__EXERCISE DETAILS__
Repeat, exactly as written, all of the entries, but not their pictures.

__PROVIDED DATA__
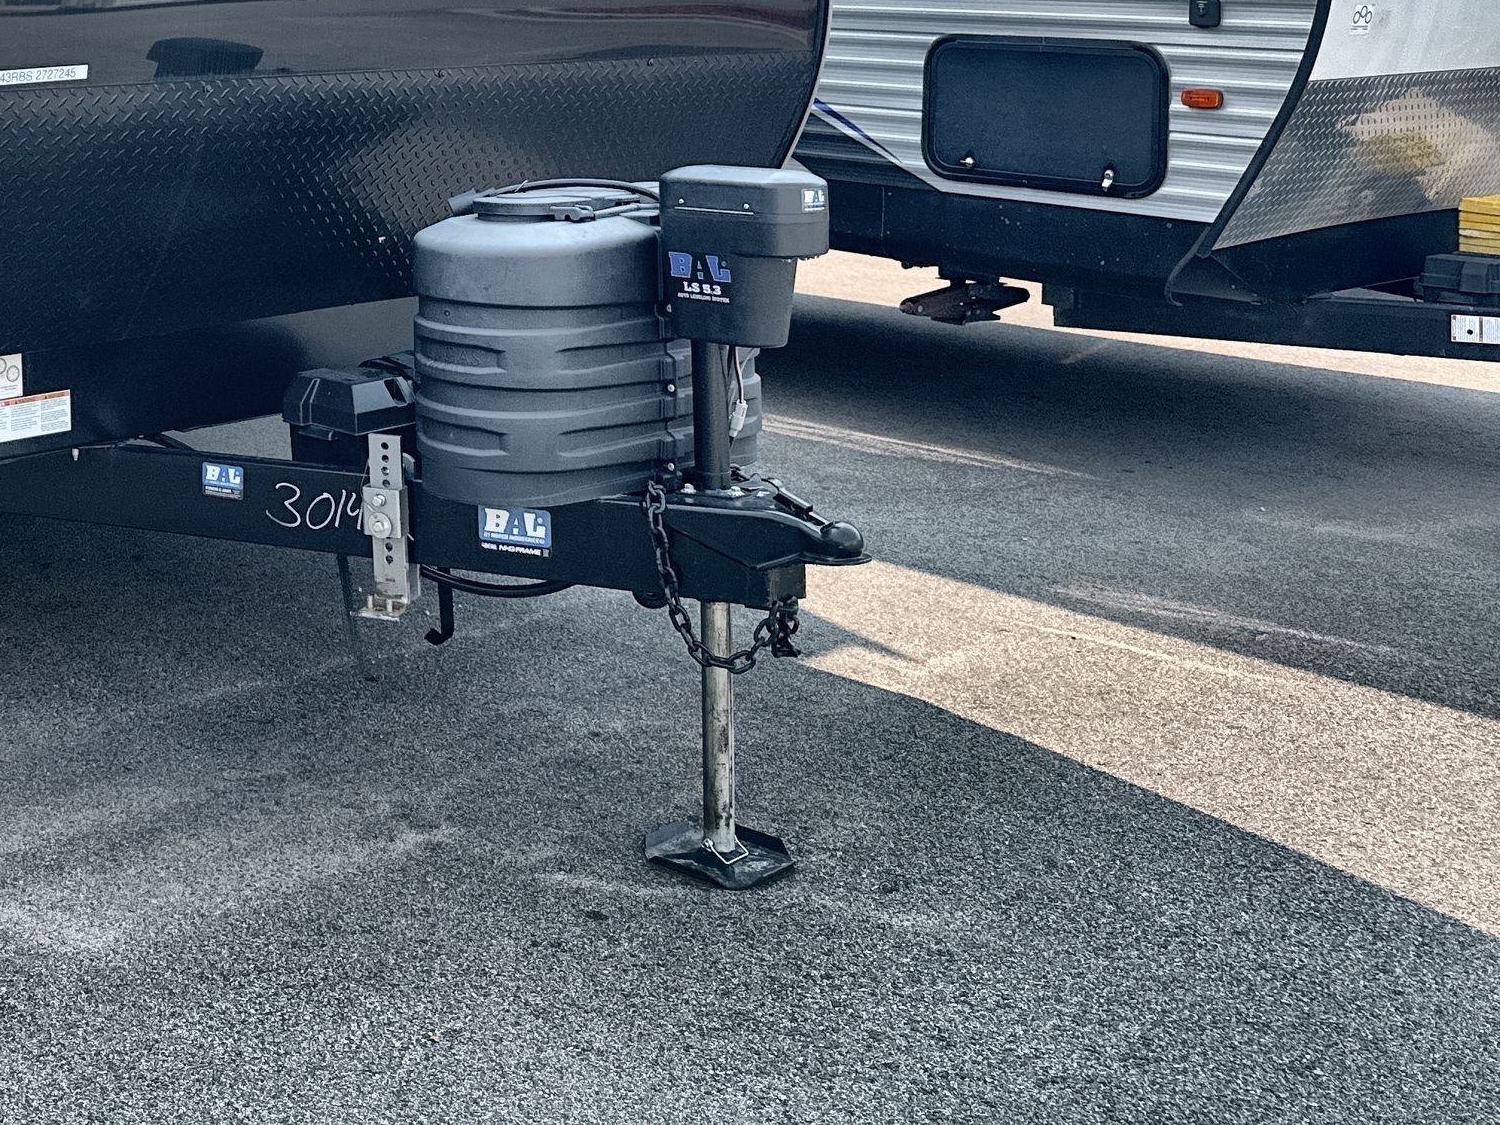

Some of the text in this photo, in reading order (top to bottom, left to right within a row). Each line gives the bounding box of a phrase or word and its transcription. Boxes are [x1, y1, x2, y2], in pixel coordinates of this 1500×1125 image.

[35, 68, 76, 81] 2727245
[668, 251, 732, 283] BAL
[682, 281, 700, 293] LS
[205, 465, 241, 484] BAL
[484, 507, 546, 538] BAL

__EXERCISE RESPONSE__
Some of the text in this photo, in reading order (top to bottom, left to right within a row). Each line gives the bounding box of a phrase or word and its transcription. Boxes are [x1, y1, x2, y2], in pixel coordinates of this 1500×1125 image.

[35, 68, 76, 81] 2727245
[668, 251, 732, 283] BAL
[682, 281, 700, 293] LS
[205, 465, 241, 484] BAL
[484, 507, 546, 538] BAL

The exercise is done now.